Новым этапом в развитии театральной критики стал период «оттепели», проблема рецензирования стала мыслиться по-другому после смерти Сталина (о предшествующем периоде развития местной критики см.: [2]). Началось это с осознания особости сложившегося в 1930-1940-е годы идеала критики. Уже в 1954 году, после появления в «Новом мире» статьи В. Померанцева «Об искренности в литературе» (1953 год, № 12), журнал «Театр» разместил редакционную статью (без подписи) «О критике». В данной статье, не называя имен, были, с одной стороны, обозначены типы существовавшей тогда критики («приспособленческая», «долбательная», «проработочная»), особенности содержательной стороны деятельности критика («штампованный» и «творческий» подходы), с другой - очерчен идеал истинной критики: «Критик может и должен в критических суждениях идти "от себя", от своего вкуса и чувства. Но успех его, уровень его таланта, мера нужности его труда народу определяются не только полнотой его искренности, но и емкостью его критического "я", тем, насколько широко охватывает он явления искусства и жизни, насколько глубоко проникает в их объективную сущность, насколько горячо и умело развивает и отстаивает он свою точку зрения, свои идеи и взгляды и, наконец, насколько полно выражаются в его взглядах идеалы и стремления народа» [9, с. 42].

Вошедшее после XX съезда КПСС в оборот словосочетание «культ личности» объясняло и причину формирования «неверной» советской литературной (и шире - художественной) критики, проявлявшейся «в стандартизации критических мнений, в образовании безапелляционной критики, затруднявшей широкий обмен суждениями, необходимый для литературы, как кровообращение для живого организма. А элементы субъективности и произвольных оценок, неизбежно привносившиеся в такую критику, порой способствовали образованию своего рода "ножниц" между нею и общественным мнением вокруг художественного произведения» [16]. Автор цитируемой статьи зафиксировал, что именно в сталинский период сложилось положение, при котором «литературно-критическая статья или заметка из частного суждения критика, из мнения того или иного органа печати превращалась нередко в истину "в последней инстанции", в не подлежащий обжалованию судебный приговор, который порой долгие годы тяготел не только над произведением, но и над именем его автора» [16]. Так же, как отмечает современный исследователь, сформированный властью институт критики привел к созданию установки, которая «воспитала в поколениях широкой публики сознание духовного иждивенчества и одновременно социального превосходства "заказчика" над "художником-подрядчиком"» [4, с. 13].

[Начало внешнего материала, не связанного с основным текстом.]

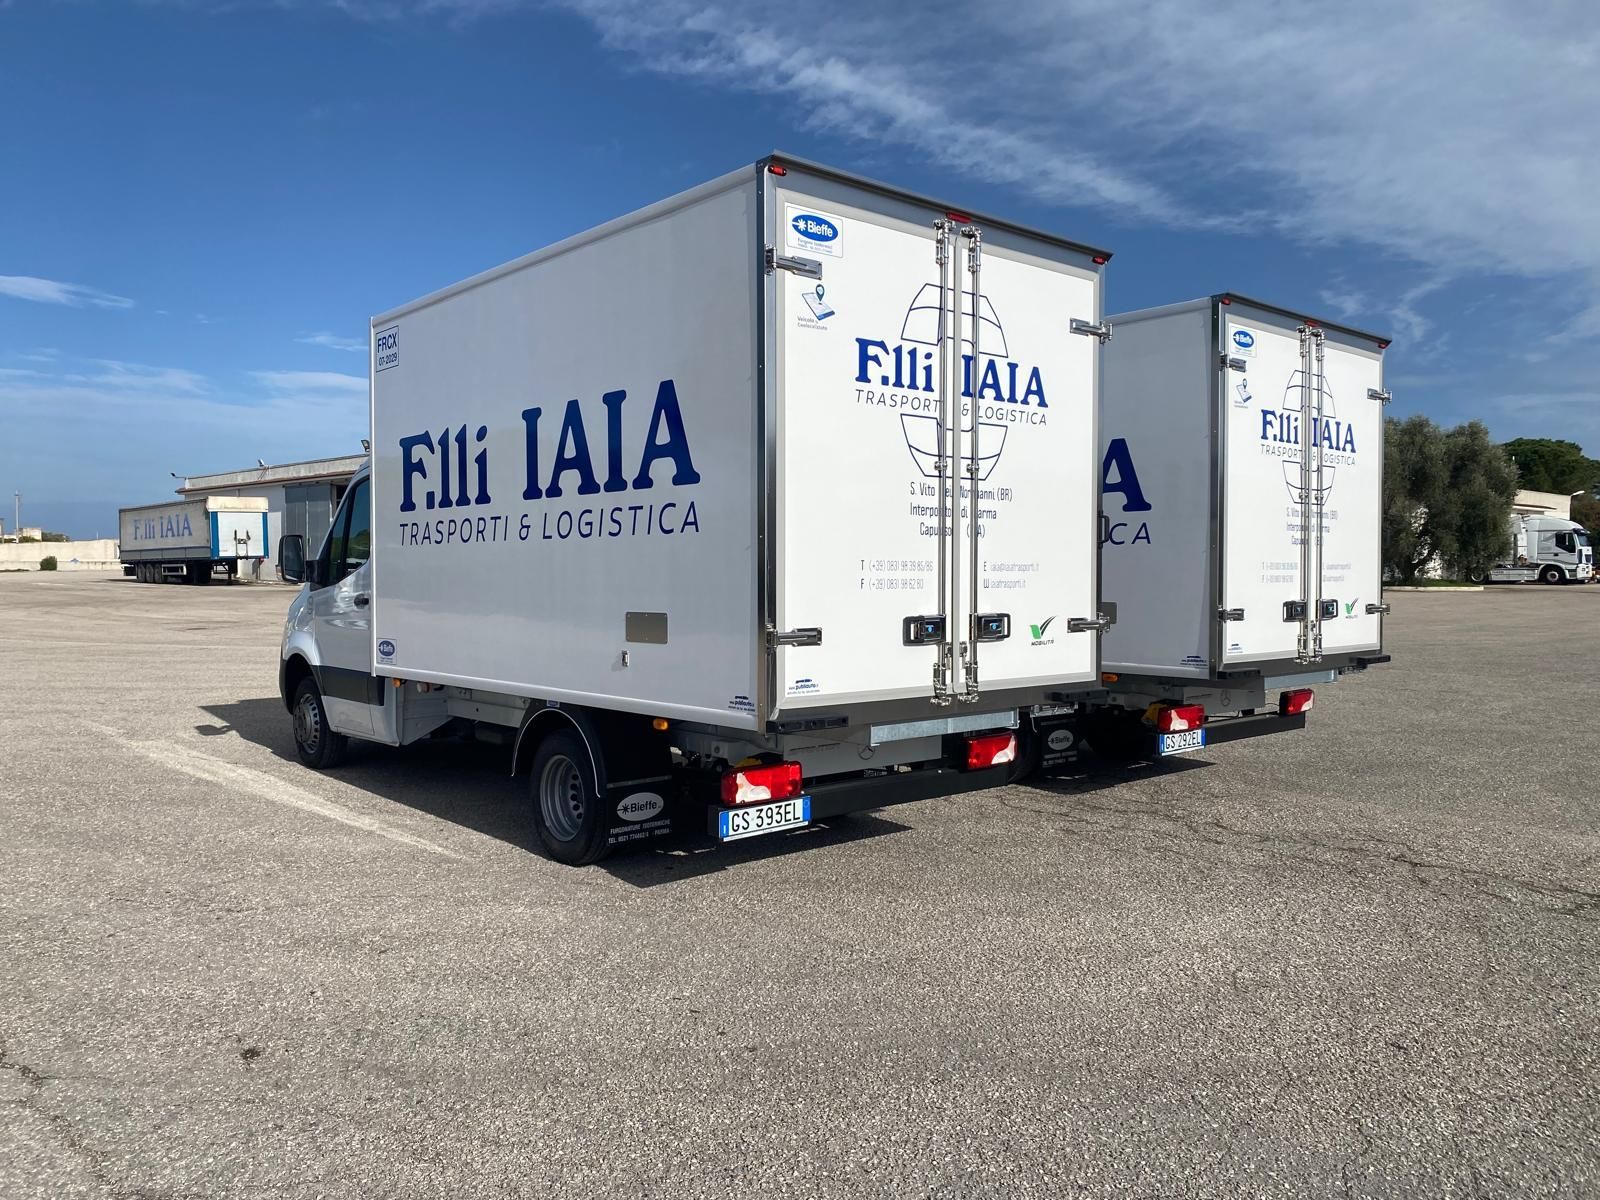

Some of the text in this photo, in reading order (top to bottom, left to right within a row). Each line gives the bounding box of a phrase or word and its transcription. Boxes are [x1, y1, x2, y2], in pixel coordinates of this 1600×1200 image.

В период хрущевской «оттепели» (середина 1950-х - середина 1960-х годов) проблема рецензирования стала актуальной в связи с новыми задачами, которые выдвигались государством-партией перед литературой и искусством. Между двумя важными документами - «О репертуаре драматических театров и мерах по его улучшению» (ЦК ВКП(б), 1946 год) и «О литературно-художественной критике» (ЦК КПСС, 1972 год) - возникали различные варианты регулирования деятельности критиков. Найденные в 20-30-е годы способы воздействия на театр в связи с наступившими в период «оттепели» изменениями в общественной жизни использовались не всегда. В передовой статье журнала «Театр» в связи с новым курсом партии, новыми задачами, поставленными в работе 1-го секретаря ЦК КПСС Н. Хрущева «Высокое призвание литературы и искусства», намечены основные направления театральной критики. В ней не должно быть места «вкусовщине и субъективизму, групповым интересам и беспринципной проработке, предвзятости и трусости, фигуре умолчания и огульному охаиванию, скептическому брюзжанию и разделению наших художников на "чистых" и "нечистых", угодных и неугодных» [5, с. 4]. Критика должна «оставить позу комментатора и информатора, разжевывающего уже сказанное, поясняющего уже сделанное» [5]. Обозначен был и новый идеал партийной художественной критики, умеющей «открывать новые горизонты, а не только подсчитывать старые ошибки», критика по своей сути представлялась как «боевой передовой отряд советского искусства, учитель и друг художников, трибуна больших современных мыслей, активный помощник партии» [5, с. 4].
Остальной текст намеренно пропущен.